È dichiarato costituzionalmente illegittimo - per violazione degli artt. 2, 3, primo comma, e 19 Cost. - l'art. 72, comma 2, della legge reg. Lombardia n. 12 del 2005, come modif. dall'art. 1, comma 1, lett. c), della legge reg. Lombardia n. 2 del 2015, che subordina l'insediamento di nuovi luoghi di culto alla previa approvazione del piano per le attrezzature religiose (PAR). La norma censurata dal TAR Lombardia, dietro l'apparente finalità di tipo urbanistico-edilizio, mira in realtà a ostacolare l'installazione di nuove attrezzature religiose, in violazione dei parametri evocati, poiché esse vengono non solo disciplinate indistintamente, a prescindere dal loro impatto urbanistico, ma anche irragionevolmente assoggettate a un regime differenziato, non previsto per le altre opere di urbanizzazione secondaria.
La previsione di uno speciale piano dedicato alle attrezzature religiose, riconducibile al modello della pianificazione urbanistica di settore, non è di per sé illegittima, purché persegua lo scopo del corretto insediamento nel territorio comunale delle attrezzature religiose aventi impatto urbanistico, e che, in questo orizzonte, tenga adeguatamente conto della necessità di favorire l'apertura di luoghi di culto destinati alle diverse comunità religiose.
Il diritto inviolabile alla libertà religiosa, garantito dall'art. 19 Cost., comprende anche la libertà di culto e, con essa, il diritto di disporre di spazi adeguati per poterla concretamente esercitare.

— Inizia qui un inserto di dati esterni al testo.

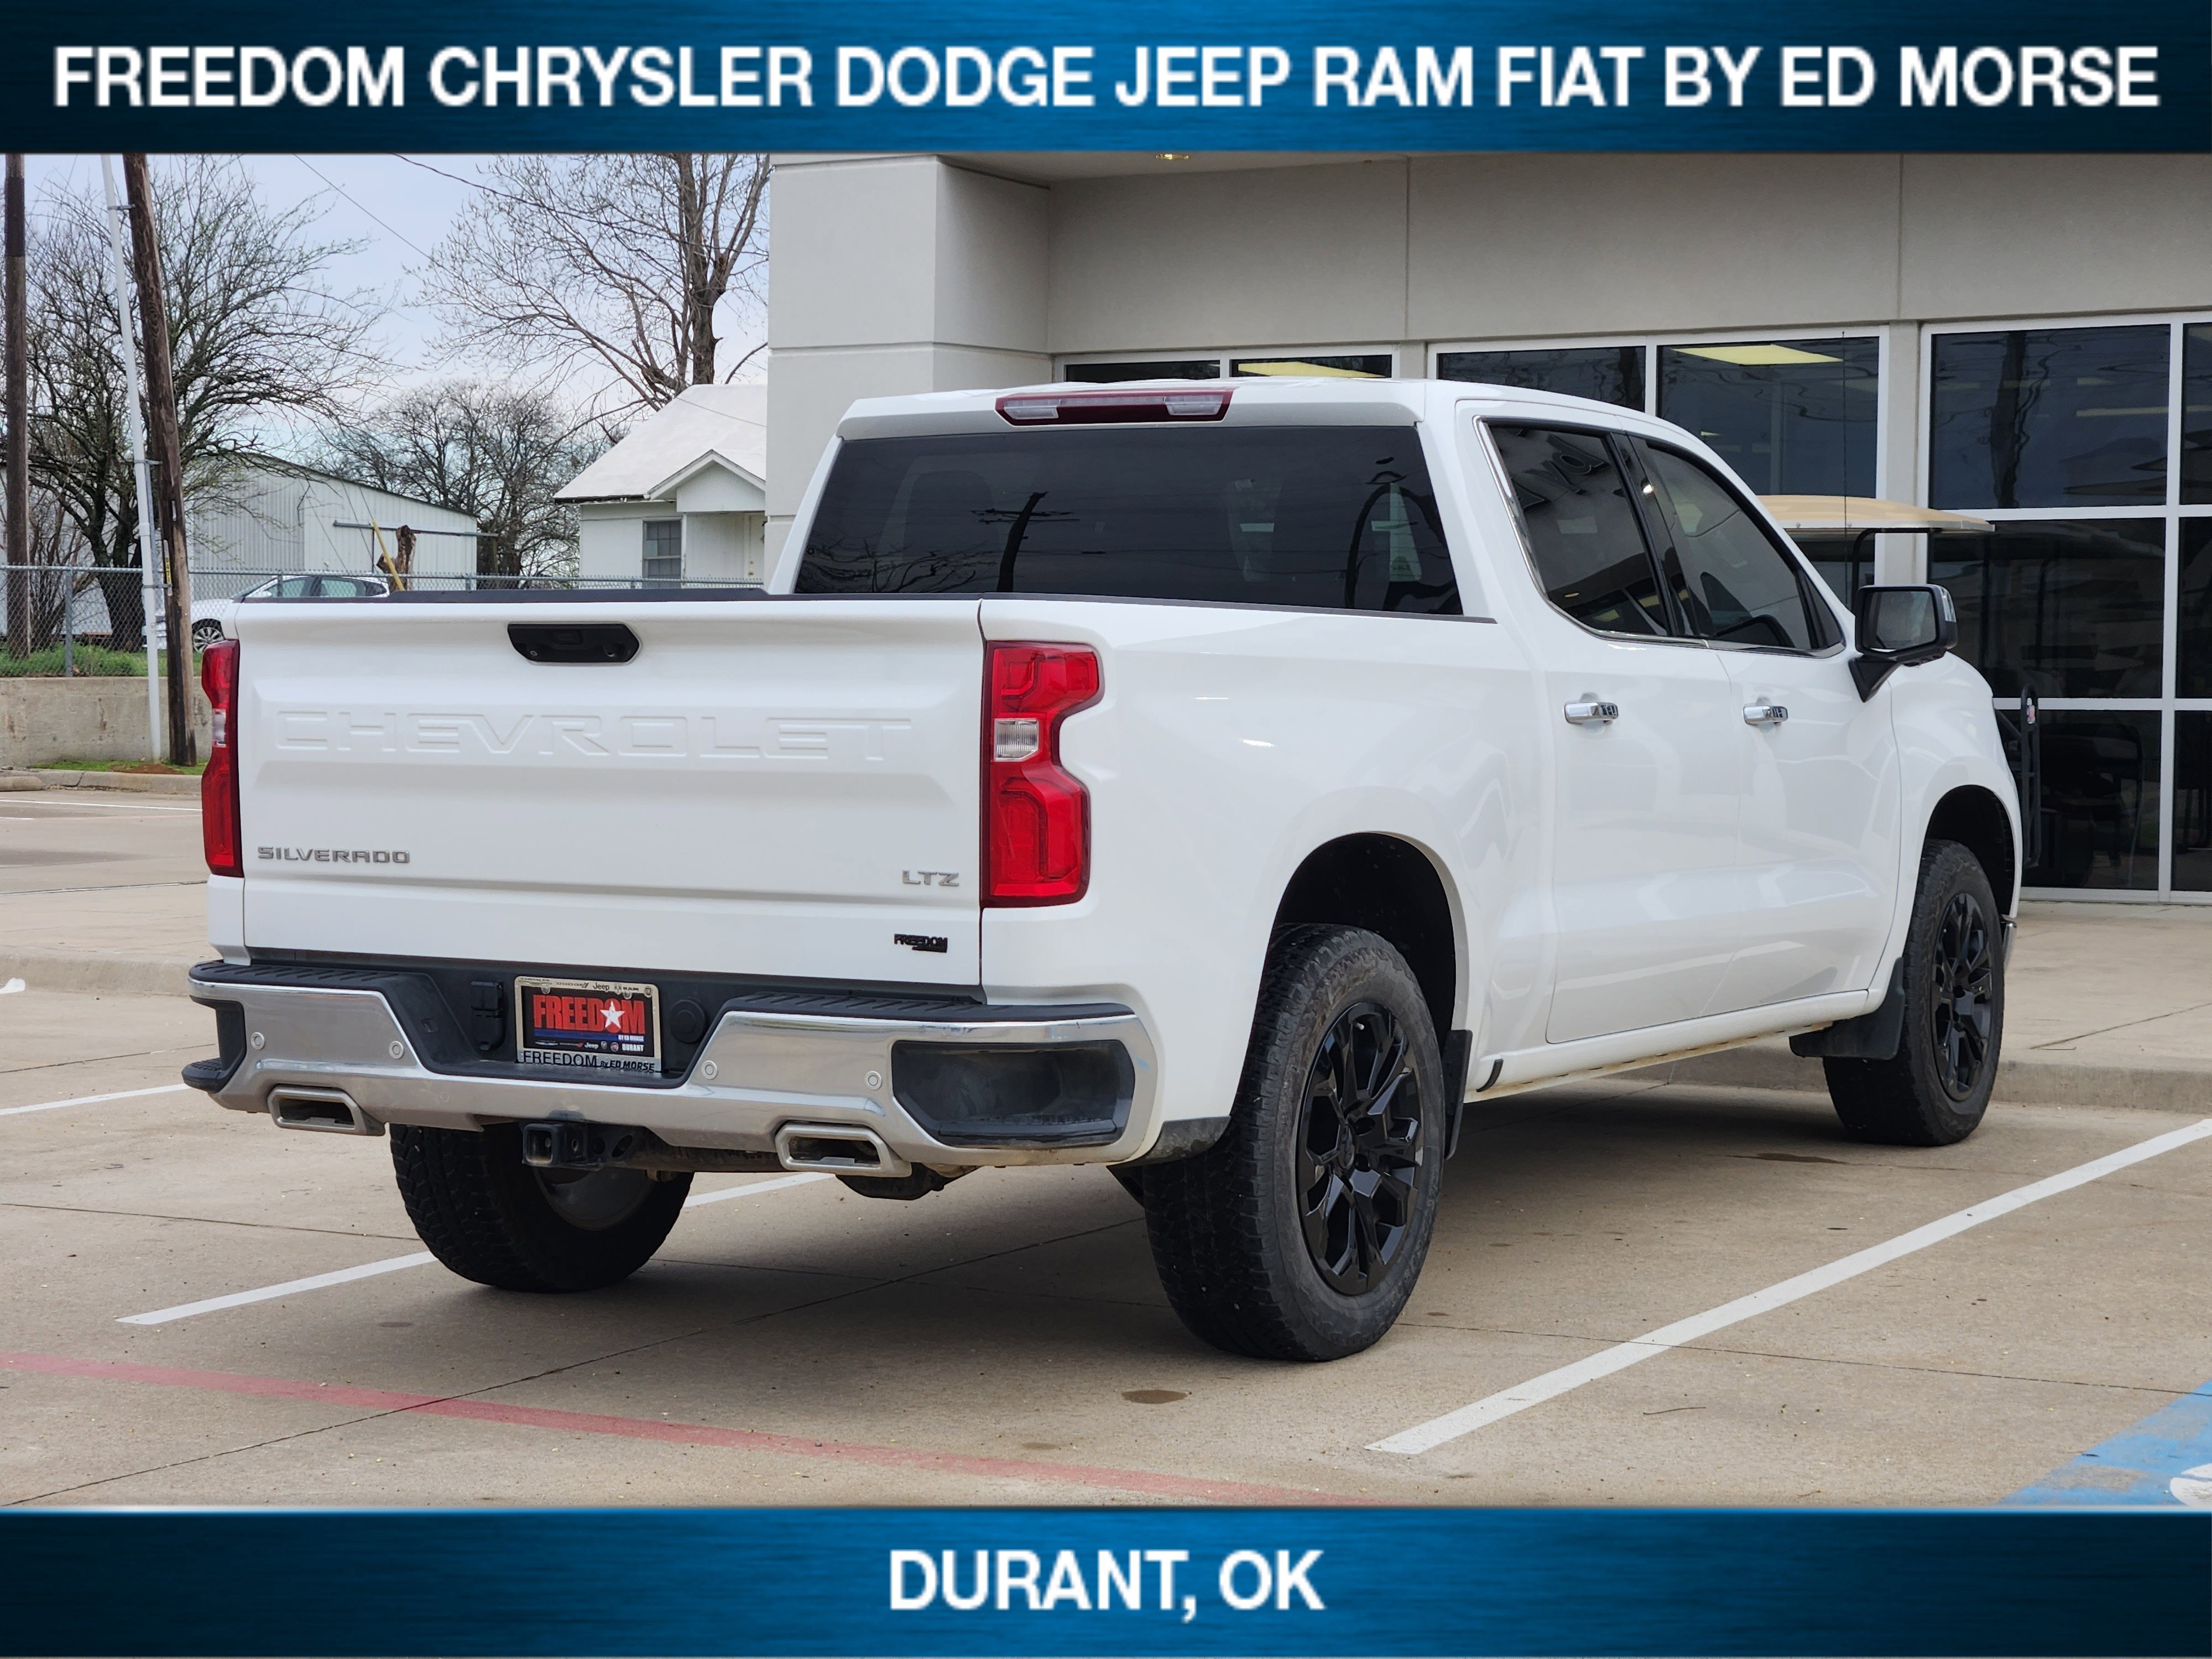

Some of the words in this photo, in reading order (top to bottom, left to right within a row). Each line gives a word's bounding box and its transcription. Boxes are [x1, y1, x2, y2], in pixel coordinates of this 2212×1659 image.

Le Regioni, nel regolare, in sede di disciplina del governo del territorio, l'edilizia di culto, possono perseguire esclusivamente finalità urbanistiche, nell'ambito delle quali deve essere ricondotta anche la necessaria specifica considerazione delle esigenze di allocazione delle attrezzature religiose. (Precedenti citati: sentenze n. 67 del 2017, n. 63 del 2016, n. 52 del 2016, n. 346 del 2002, n. 508 del 2000, n. 329 del 1997, n. 334 del 1996, n. 440 del 1995, n. 195 del 1993, n. 203 del 1989 e n. 59 del 1958).